Madagascar: Session parlementaire - Statu quo au Sénat

Les problèmes relatifs au budget plombent le début de cette deuxième session ordinaire au Sénat. L'institution est toujours en mode service minimum.

La situation au Sénat reste inchangée. La salle des séances de l'institution d'Anosy sonne toujours creux. Les bureaux et les couloirs qui devraient grouiller de monde, en cette période de l'année, sont singulièrement silencieux.

Dix jours après la cérémonie d'ouverture, la majorité des sénateurs boude toujours cette seconde session ordinaire du Parlement. Les restrictions budgétaires imposées à l'institution en est toujours, la principale raison.

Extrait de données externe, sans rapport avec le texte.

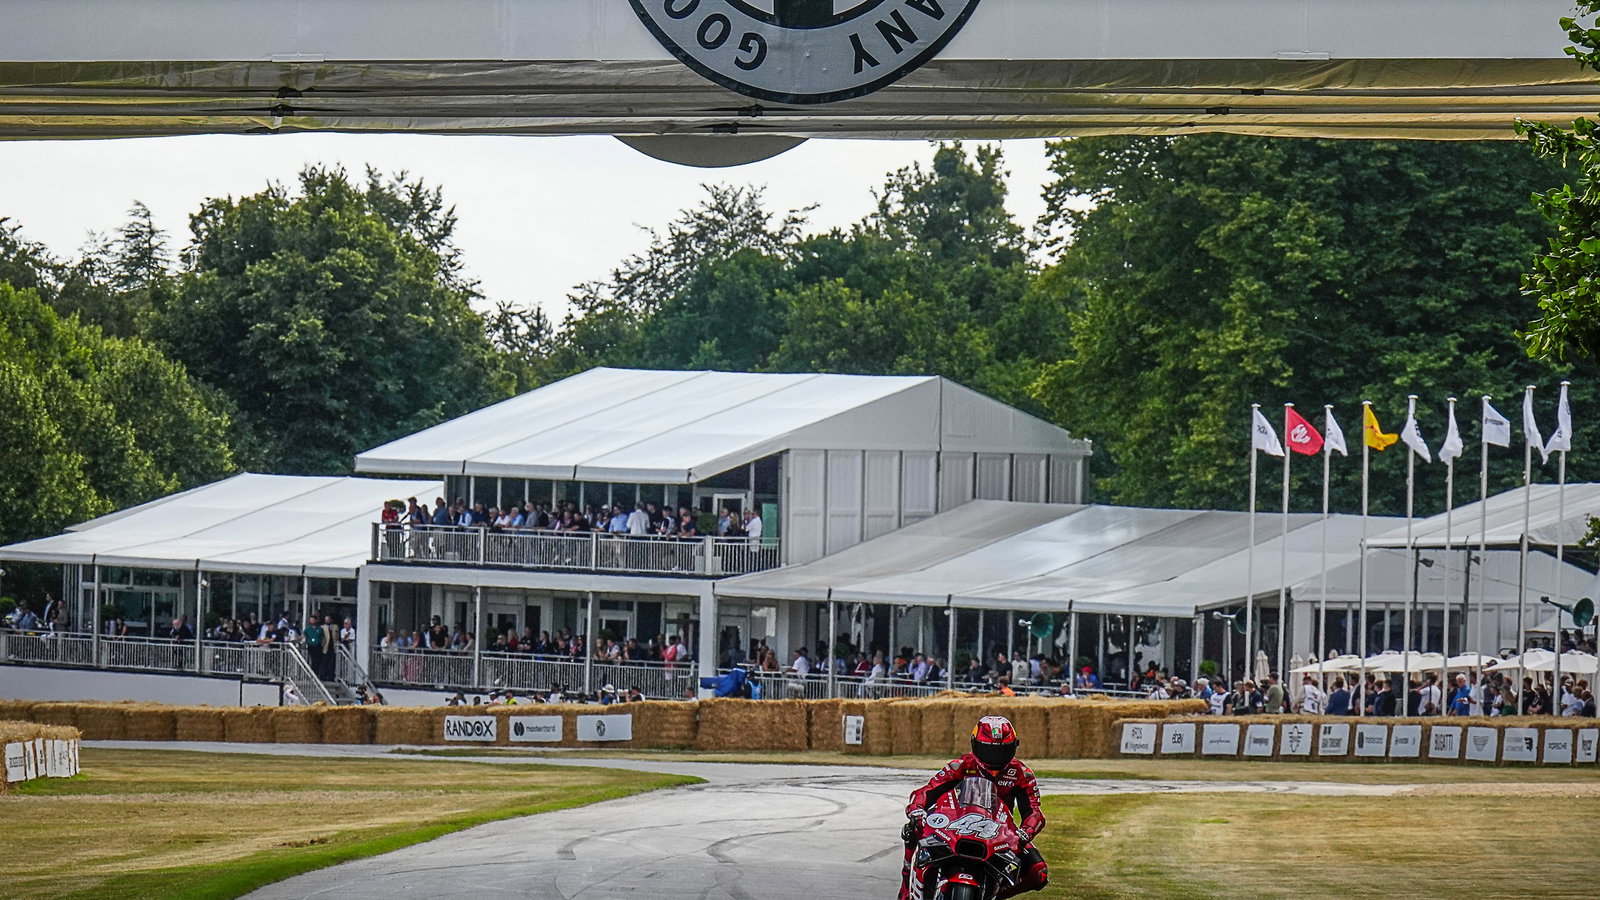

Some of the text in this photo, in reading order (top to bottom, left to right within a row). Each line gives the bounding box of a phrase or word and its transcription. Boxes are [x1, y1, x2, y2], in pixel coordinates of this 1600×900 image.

Le geste du ministère de l'Économie et des finances, d'apporter une légère augmentation du taux de régulation du budget de la Chambre haute n'a, visiblement pas suffi à arranger les choses.

Une réunion du bureau permanent de la Chambre haute, avec la présence des présidents des groupes parlementaires et des commissions, celle des finances, notamment, s'est tenue, hier, à Anosy.

Certains s'attendaient à ce que ce rendez-vous permette de trouver une solution au statu quo qui est en train de s'installer au sein de l'institution.

Cela n'a cependant pas été le cas. La réunion d'hier, se serait essentiellement concentrée sur la situation budgétaire du Sénat.

Les membres du bureau permanent auraient alors expliqué en détail les difficultés financières auxquelles l'institution fait face. « Il faudra d'autant plus, attendre le début du mois novembre pour pouvoir faire de nouveaux engagements budgétaires.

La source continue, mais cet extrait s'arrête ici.